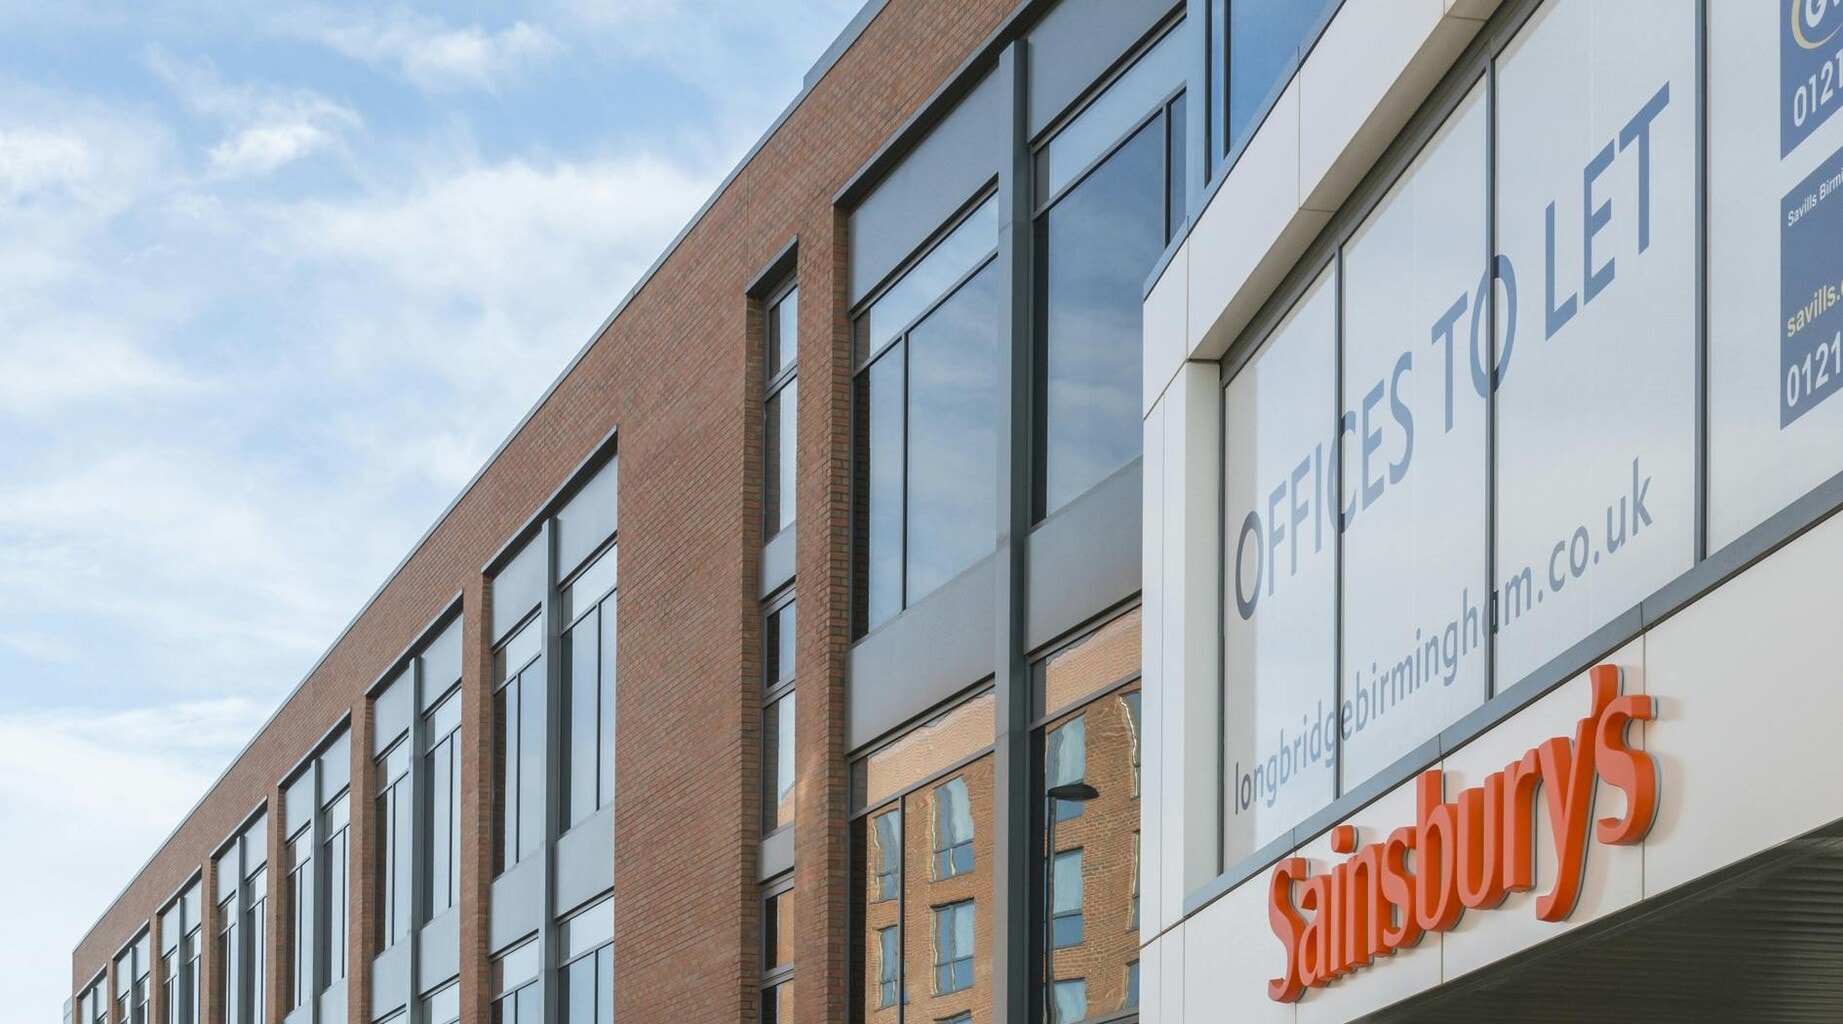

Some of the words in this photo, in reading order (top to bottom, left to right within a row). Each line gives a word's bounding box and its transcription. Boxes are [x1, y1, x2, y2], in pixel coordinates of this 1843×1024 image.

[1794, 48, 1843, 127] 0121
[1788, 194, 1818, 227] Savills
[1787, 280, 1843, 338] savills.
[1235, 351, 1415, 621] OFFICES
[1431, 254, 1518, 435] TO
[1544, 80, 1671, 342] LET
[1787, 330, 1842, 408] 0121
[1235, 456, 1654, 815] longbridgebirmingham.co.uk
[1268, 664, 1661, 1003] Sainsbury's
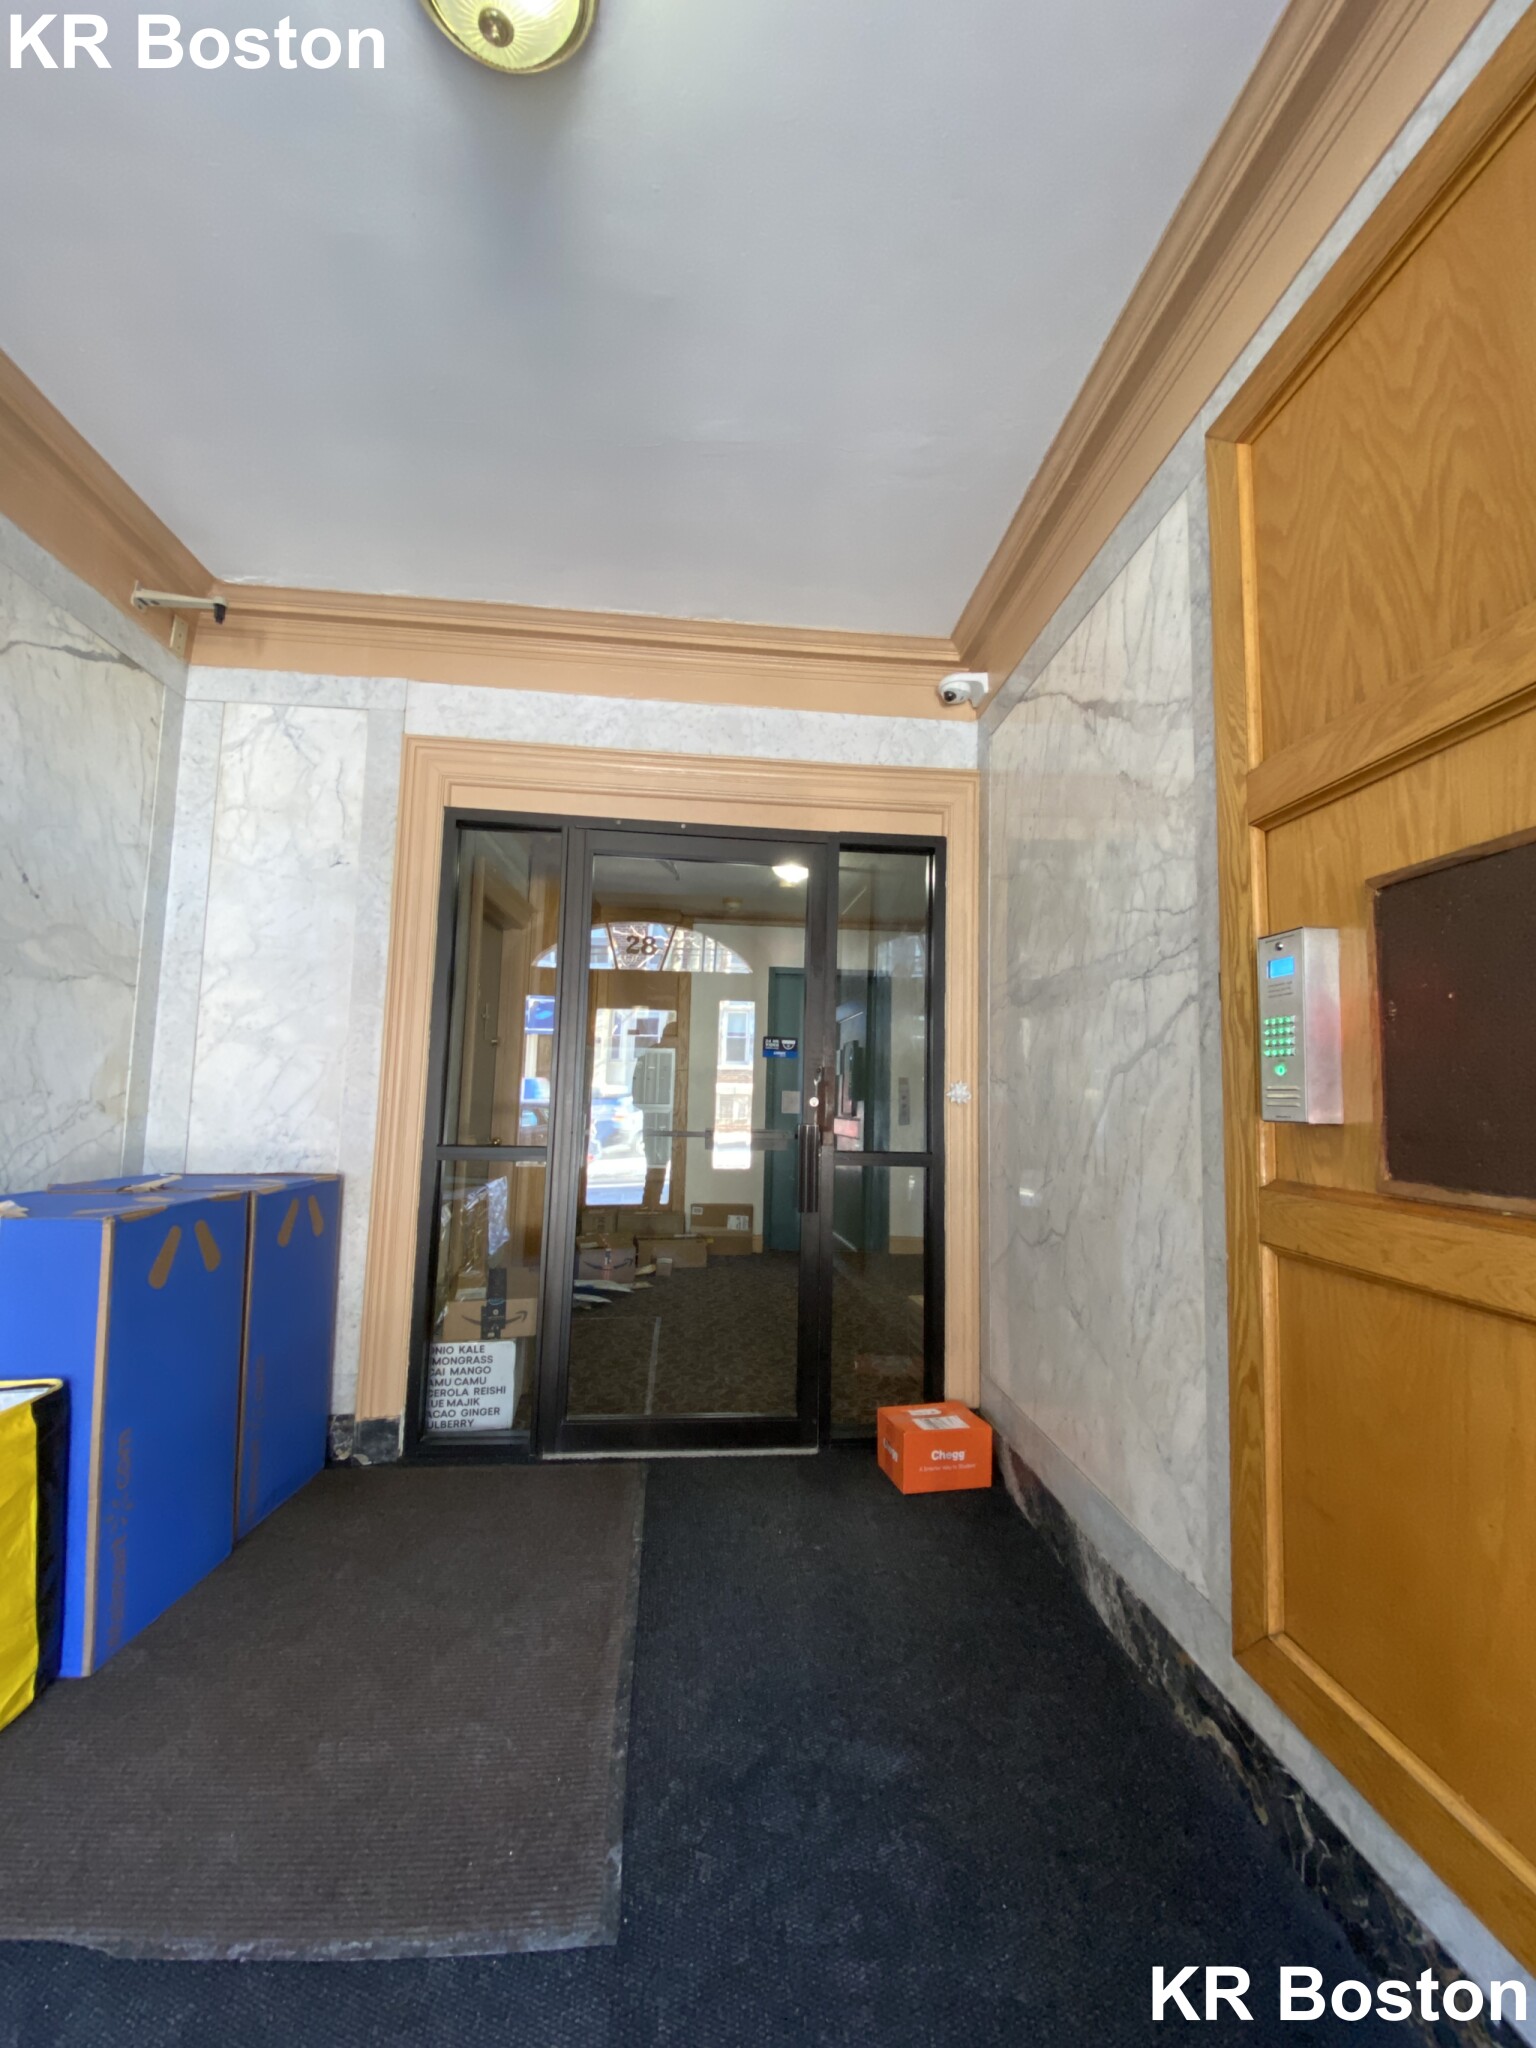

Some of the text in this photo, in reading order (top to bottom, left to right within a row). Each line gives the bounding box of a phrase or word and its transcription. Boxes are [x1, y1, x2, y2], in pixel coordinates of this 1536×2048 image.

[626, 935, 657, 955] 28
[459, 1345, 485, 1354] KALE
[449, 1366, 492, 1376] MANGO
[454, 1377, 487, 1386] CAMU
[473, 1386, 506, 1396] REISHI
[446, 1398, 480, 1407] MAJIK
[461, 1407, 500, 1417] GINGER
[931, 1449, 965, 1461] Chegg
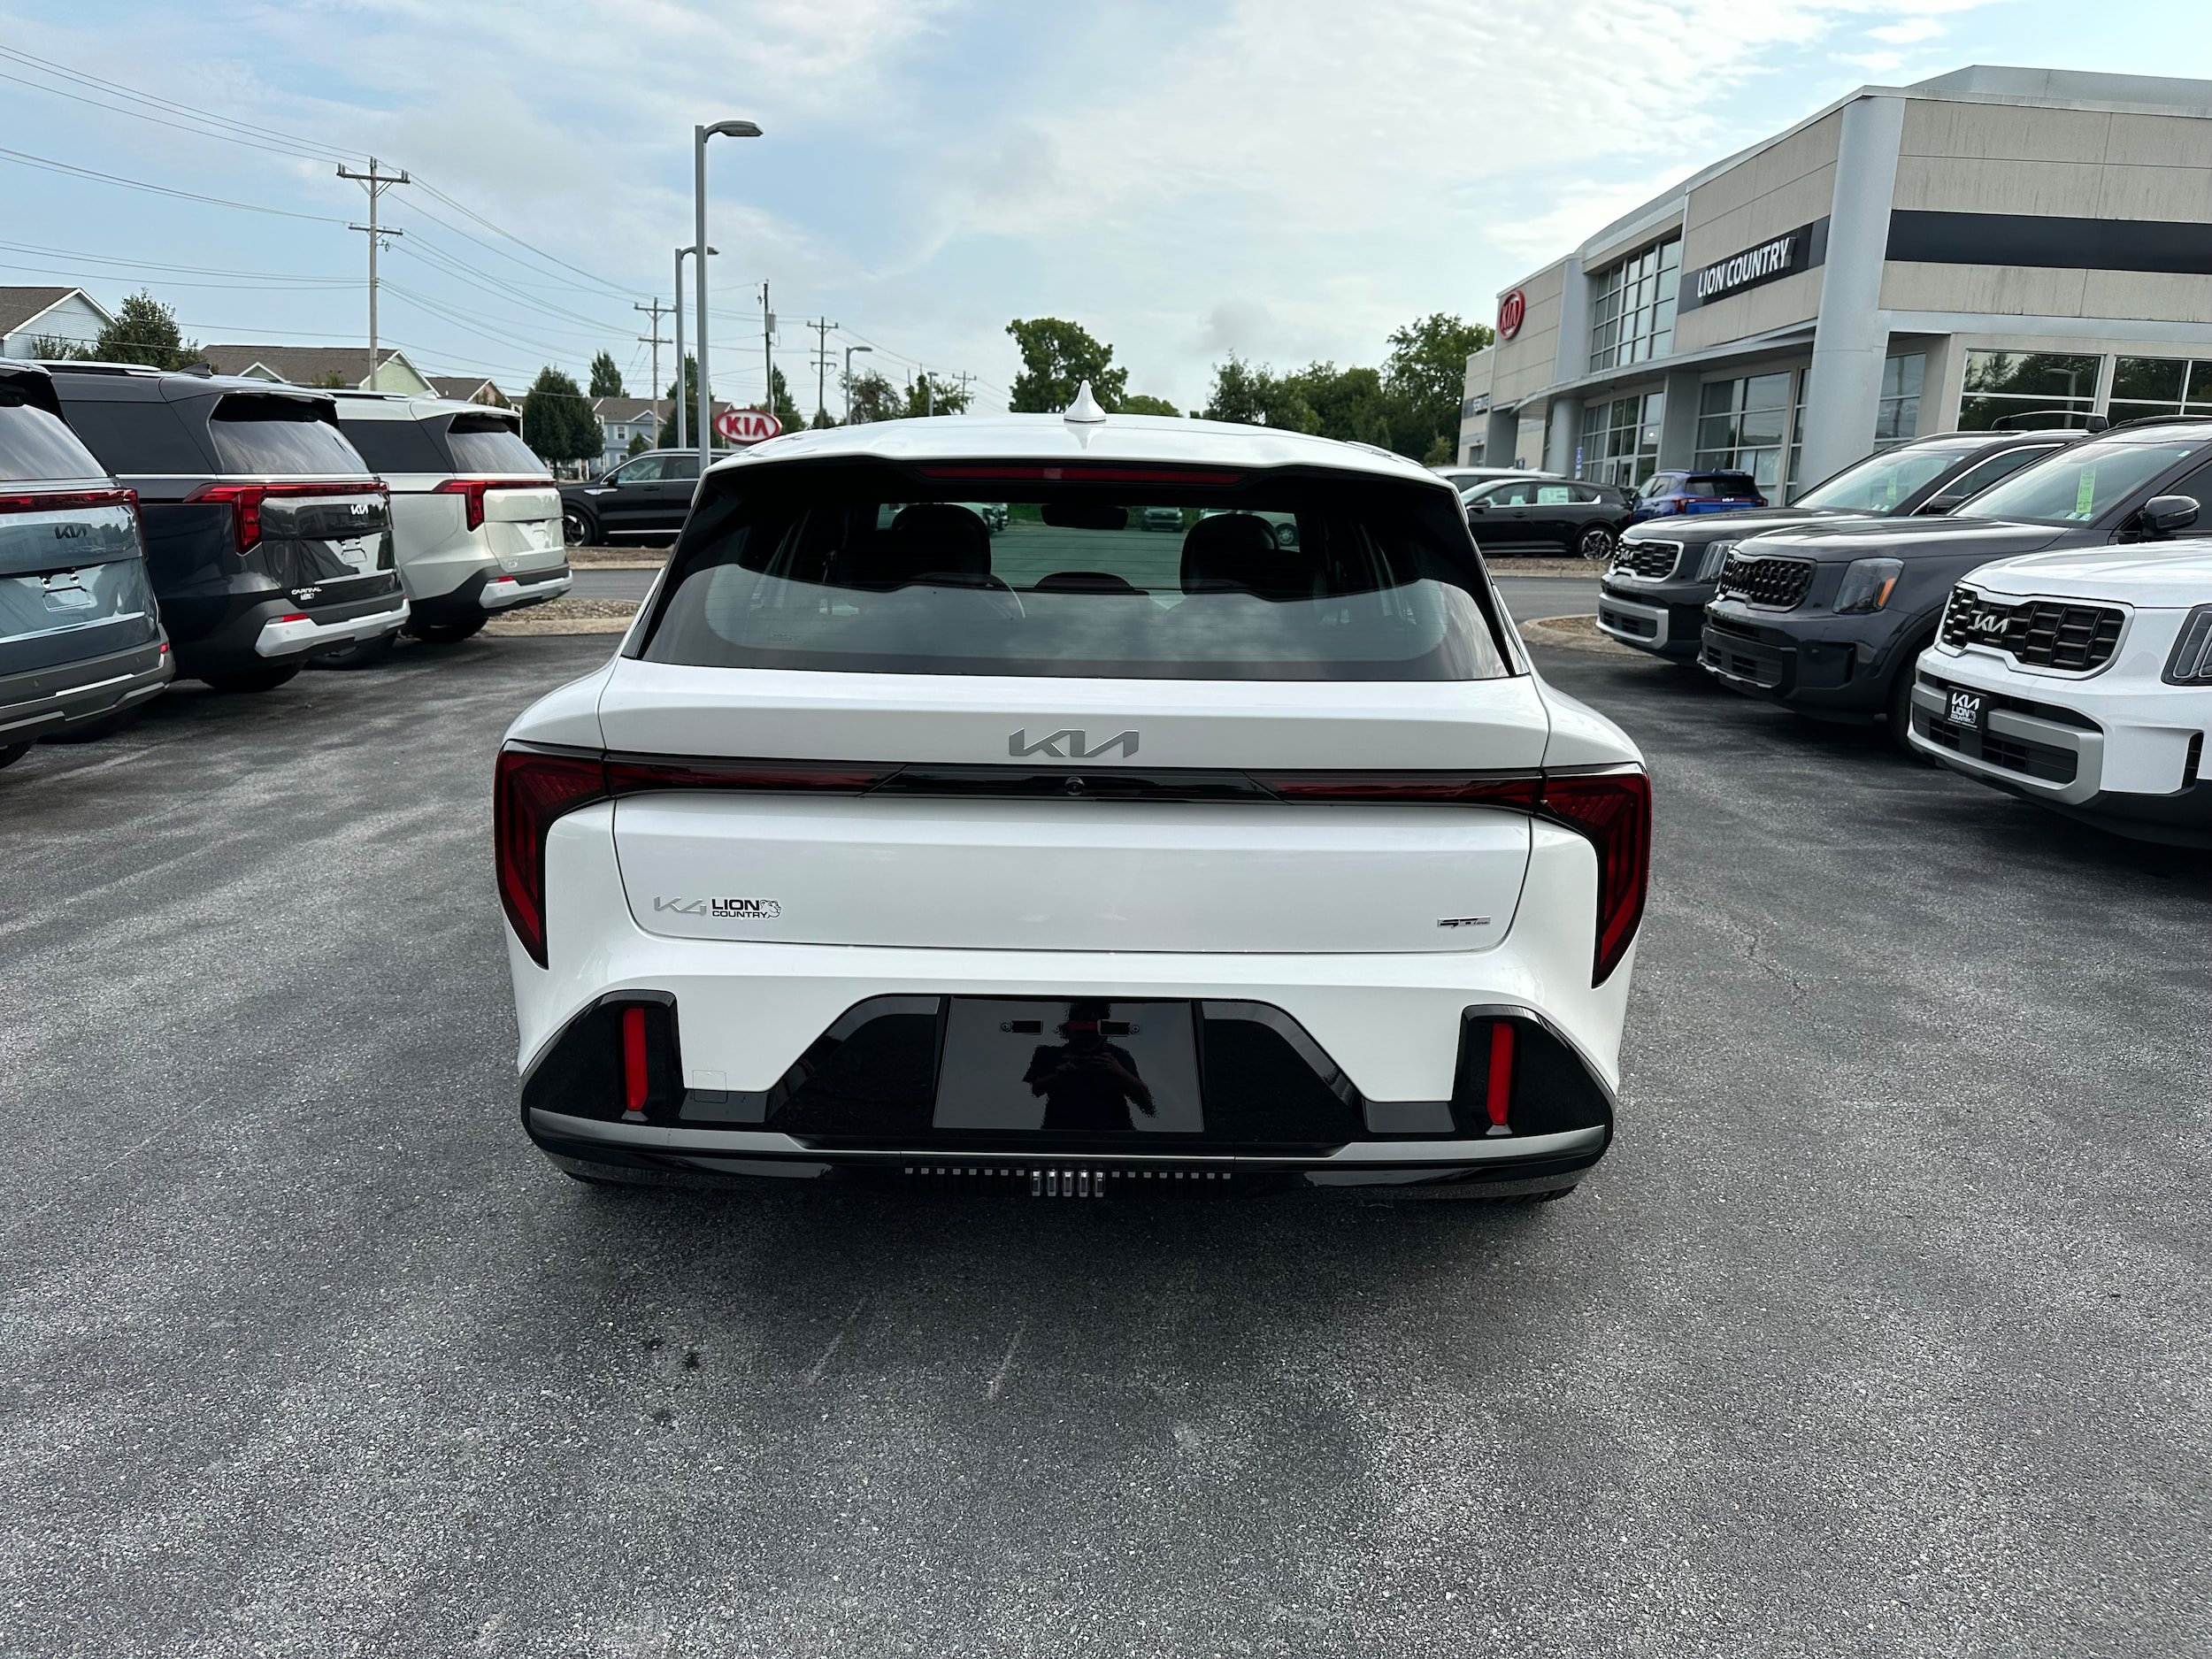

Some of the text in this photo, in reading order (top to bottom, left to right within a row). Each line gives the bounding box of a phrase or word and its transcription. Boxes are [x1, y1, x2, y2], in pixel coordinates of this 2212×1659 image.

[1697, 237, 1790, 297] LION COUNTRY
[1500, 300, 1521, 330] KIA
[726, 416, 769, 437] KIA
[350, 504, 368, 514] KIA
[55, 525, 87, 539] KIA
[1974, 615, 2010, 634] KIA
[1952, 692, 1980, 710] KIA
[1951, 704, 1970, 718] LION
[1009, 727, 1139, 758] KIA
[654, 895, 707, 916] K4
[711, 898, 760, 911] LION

--- Directions for this task ---
Word for word, write out each of the records, but not the pictures.

--- Output for this exercise ---
Some of the words in this photo, in reading order (top to bottom, left to right within a row). Each line gives a word's bounding box and its transcription. Boxes are [x1, y1, x2, y2], in pixel coordinates of this 1843×1024 image.

[1794, 48, 1843, 127] 0121
[1788, 194, 1818, 227] Savills
[1787, 280, 1843, 338] savills.
[1235, 351, 1415, 621] OFFICES
[1431, 254, 1518, 435] TO
[1544, 80, 1671, 342] LET
[1787, 330, 1842, 408] 0121
[1235, 456, 1654, 815] longbridgebirmingham.co.uk
[1268, 664, 1661, 1003] Sainsbury's

Some of the text in this photo, in reading order (top to bottom, left to right within a row). Each line gives the bounding box of a phrase or word and its transcription. Boxes are [x1, y1, x2, y2], in pixel coordinates of this 1536×2048 image.

[626, 935, 657, 955] 28
[459, 1345, 485, 1354] KALE
[449, 1366, 492, 1376] MANGO
[454, 1377, 487, 1386] CAMU
[473, 1386, 506, 1396] REISHI
[446, 1398, 480, 1407] MAJIK
[461, 1407, 500, 1417] GINGER
[931, 1449, 965, 1461] Chegg

Some of the text in this photo, in reading order (top to bottom, left to right within a row). Each line gives the bounding box of a phrase or word and its transcription. Boxes are [x1, y1, x2, y2], in pixel coordinates of this 2212×1659 image.

[1697, 237, 1790, 297] LION COUNTRY
[1500, 300, 1521, 330] KIA
[726, 416, 769, 437] KIA
[350, 504, 368, 514] KIA
[55, 525, 87, 539] KIA
[1974, 615, 2010, 634] KIA
[1952, 692, 1980, 710] KIA
[1951, 704, 1970, 718] LION
[1009, 727, 1139, 758] KIA
[654, 895, 707, 916] K4
[711, 898, 760, 911] LION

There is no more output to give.